=== Problem to solve ===
Every single entry should be printed exactly.

=== Records for the task ===
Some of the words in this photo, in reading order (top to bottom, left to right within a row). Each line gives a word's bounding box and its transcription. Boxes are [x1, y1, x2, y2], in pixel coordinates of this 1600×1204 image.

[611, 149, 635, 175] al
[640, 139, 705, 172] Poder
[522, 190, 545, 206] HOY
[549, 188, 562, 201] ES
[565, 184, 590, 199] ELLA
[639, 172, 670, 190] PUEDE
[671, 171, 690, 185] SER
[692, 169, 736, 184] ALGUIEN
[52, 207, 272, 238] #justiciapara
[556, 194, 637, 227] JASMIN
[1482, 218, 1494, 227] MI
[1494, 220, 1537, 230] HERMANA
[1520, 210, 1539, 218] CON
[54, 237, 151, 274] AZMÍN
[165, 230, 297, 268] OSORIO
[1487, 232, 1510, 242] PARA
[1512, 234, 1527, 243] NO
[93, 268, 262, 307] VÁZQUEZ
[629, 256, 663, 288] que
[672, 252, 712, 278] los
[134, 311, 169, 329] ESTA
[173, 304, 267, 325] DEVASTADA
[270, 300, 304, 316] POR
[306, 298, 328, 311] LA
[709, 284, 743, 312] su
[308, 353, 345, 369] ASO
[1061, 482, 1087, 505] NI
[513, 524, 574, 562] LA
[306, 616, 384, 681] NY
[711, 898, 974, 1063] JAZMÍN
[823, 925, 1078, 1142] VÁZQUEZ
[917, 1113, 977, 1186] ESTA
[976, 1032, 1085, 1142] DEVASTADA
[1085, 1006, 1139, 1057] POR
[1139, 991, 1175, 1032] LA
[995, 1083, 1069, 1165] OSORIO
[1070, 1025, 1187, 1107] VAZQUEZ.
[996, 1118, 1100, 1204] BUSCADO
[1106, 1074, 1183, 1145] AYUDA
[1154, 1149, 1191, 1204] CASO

=== Answer section ===
Some of the words in this photo, in reading order (top to bottom, left to right within a row). Each line gives a word's bounding box and its transcription. Boxes are [x1, y1, x2, y2], in pixel coordinates of this 1600×1204 image.

[611, 149, 635, 175] al
[640, 139, 705, 172] Poder
[522, 190, 545, 206] HOY
[549, 188, 562, 201] ES
[565, 184, 590, 199] ELLA
[639, 172, 670, 190] PUEDE
[671, 171, 690, 185] SER
[692, 169, 736, 184] ALGUIEN
[52, 207, 272, 238] #justiciapara
[556, 194, 637, 227] JASMIN
[1482, 218, 1494, 227] MI
[1494, 220, 1537, 230] HERMANA
[1520, 210, 1539, 218] CON
[54, 237, 151, 274] AZMÍN
[165, 230, 297, 268] OSORIO
[1487, 232, 1510, 242] PARA
[1512, 234, 1527, 243] NO
[93, 268, 262, 307] VÁZQUEZ
[629, 256, 663, 288] que
[672, 252, 712, 278] los
[134, 311, 169, 329] ESTA
[173, 304, 267, 325] DEVASTADA
[270, 300, 304, 316] POR
[306, 298, 328, 311] LA
[709, 284, 743, 312] su
[308, 353, 345, 369] ASO
[1061, 482, 1087, 505] NI
[513, 524, 574, 562] LA
[306, 616, 384, 681] NY
[711, 898, 974, 1063] JAZMÍN
[823, 925, 1078, 1142] VÁZQUEZ
[917, 1113, 977, 1186] ESTA
[976, 1032, 1085, 1142] DEVASTADA
[1085, 1006, 1139, 1057] POR
[1139, 991, 1175, 1032] LA
[995, 1083, 1069, 1165] OSORIO
[1070, 1025, 1187, 1107] VAZQUEZ.
[996, 1118, 1100, 1204] BUSCADO
[1106, 1074, 1183, 1145] AYUDA
[1154, 1149, 1191, 1204] CASO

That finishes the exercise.